Three hormones drive sexual desire: oestrogen (affects lubrication, tissue sensitivity, mood), progesterone (affects sleep and stress), and testosterone (affects libido and arousal). In menopause, all three decline. But the degree varies enormously between women — and desire is not determined by hormones alone.
Can HRT help with sexual desire in menopause?
Sometimes, particularly if low oestrogen is causing physical discomfort during sex (vaginal dryness, atrophy) which creates a psychological avoidance cycle. Testosterone therapy has stronger evidence for directly boosting libido. This is a conversation for a gynaecologist or menopause specialist — this quiz gives you context for that conversation.
Does menopause mean the end of a satisfying sex life?
No. Research and clinical experience consistently show that many women report their most satisfying sex lives after menopause — once the hormonal turbulence stabilises, children have left home, performance pressure has decreased, and self-knowledge is deeper. The transition requires adaptation, not acceptance of decline.
What is vaginal dryness and what can I do about it?
Vaginal dryness is caused by declining oestrogen, which thins and reduces lubrication of vaginal tissue. It makes sex uncomfortable or painful, which creates an avoidance cycle that further reduces desire. Treatments include: regular use of vaginal moisturisers, lubricants during sex, and local oestrogen therapy (vaginal oestrogen cream or pessary) — which is very low dose and does not carry the systemic risks of HRT.
What does perimenopause look like sexually?
Perimenopause often shows up as increased variability in desire — some weeks strong, some very low — as oestrogen levels fluctuate rather than simply decline. This variability can be confusing because there's no consistent pattern. Other symptoms include: reduced genital sensitivity, increased time to arousal, and sometimes increased desire in some women as inhibition systems are affected by hormonal changes.

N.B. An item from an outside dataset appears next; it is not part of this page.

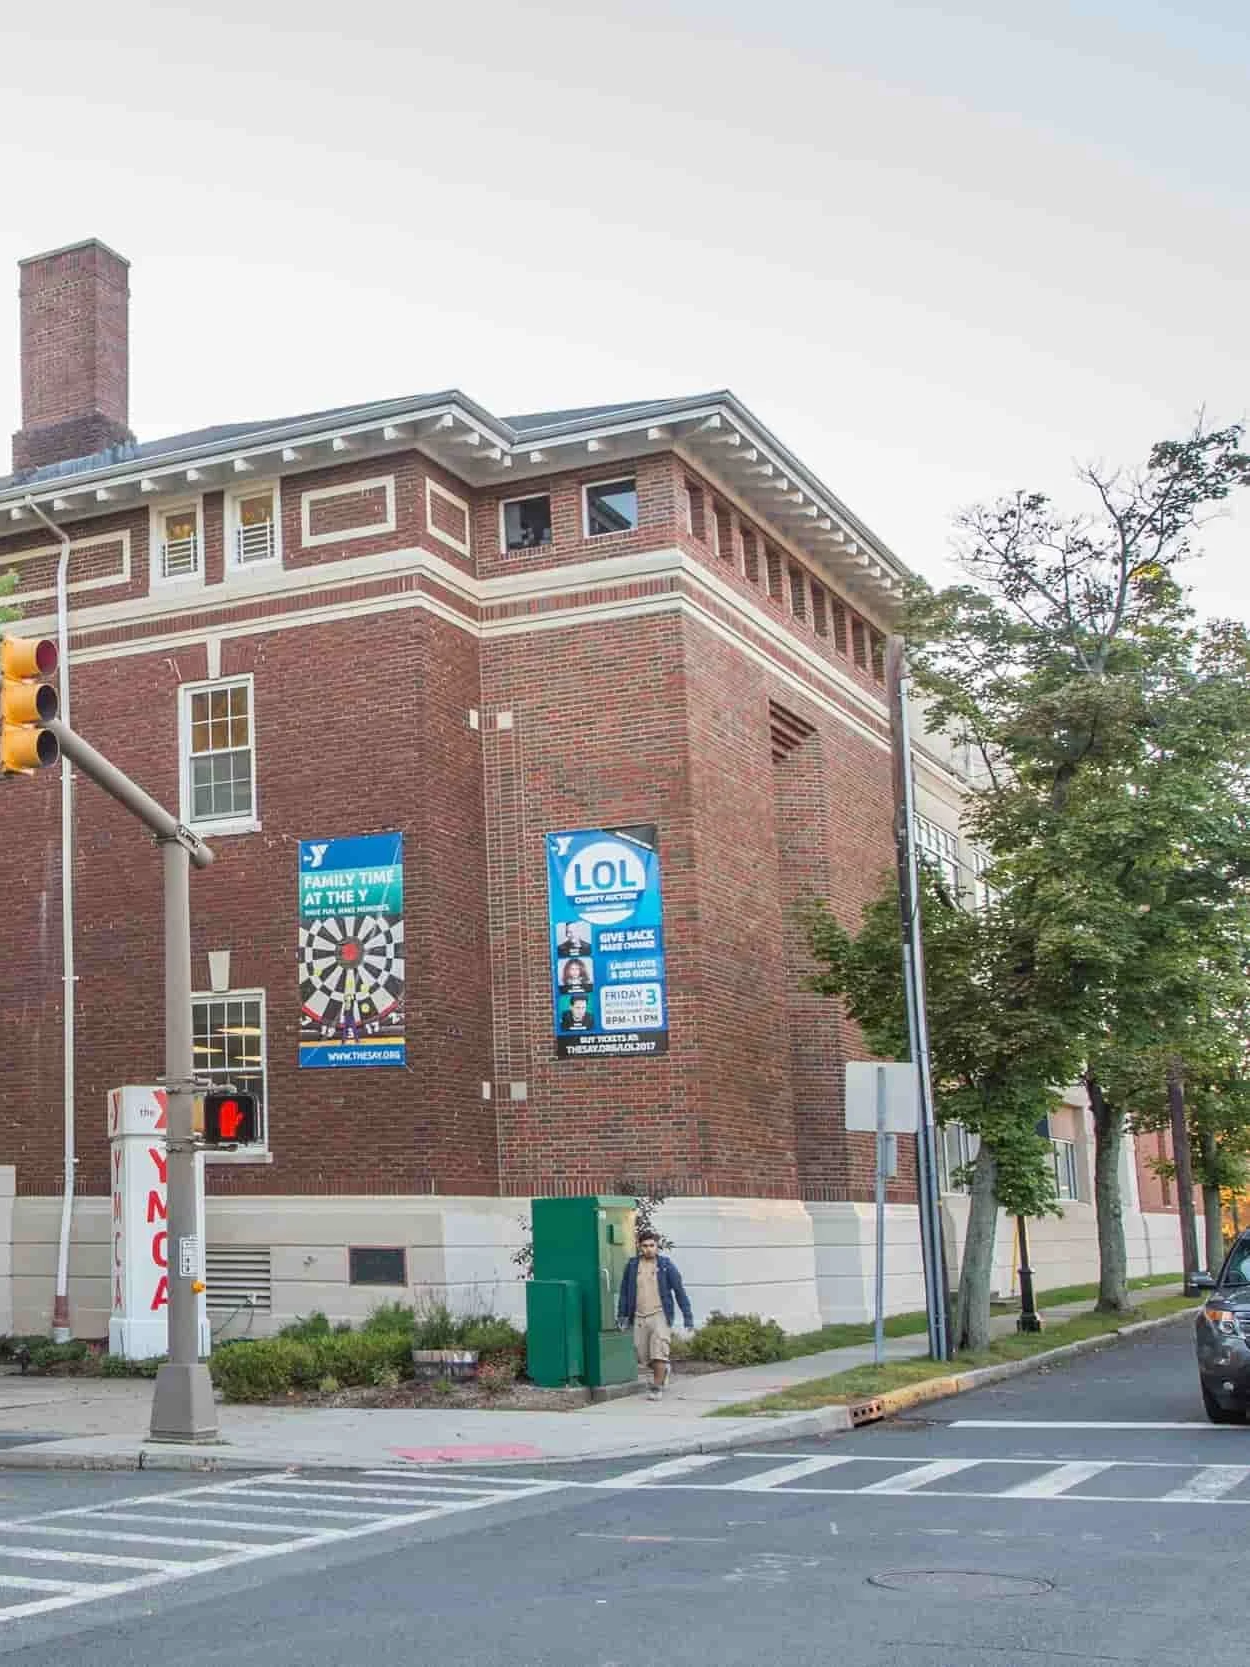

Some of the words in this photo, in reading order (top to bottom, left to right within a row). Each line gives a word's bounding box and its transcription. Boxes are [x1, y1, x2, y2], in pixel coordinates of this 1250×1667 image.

Can testosterone therapy help women with low desire in menopause?
Evidence supports testosterone therapy for postmenopausal women with hypoactive sexual desire disorder (HSDD). It can improve desire, arousal, and orgasm. However, it remains under-prescribed — many doctors are less familiar with female testosterone use. The conversation is worth initiating with a menopause specialist or gynaecologist.
Does my partner need to understand what's happening during menopause?
Yes, ideally. Partners who don't understand the physiological changes often misinterpret reduced desire or discomfort as personal rejection or relationship failure. Educating a partner about the hormonal reality is often the single most important step in maintaining intimacy through the transition.
How is menopause related to the nervous system and desire?
Sleep disruption from hot flashes and night sweats chronically elevates cortisol, which suppresses sex hormones and keeps the nervous system in a low-level stress state. Addressing sleep quality — through HRT, lifestyle changes, or nervous system regulation practices — often produces faster improvement in desire than any other single intervention.
Based on research from the British Menopause Society, research by Dr. Lauren Streicher on menopause and sexuality, and the Journal of Women's Health.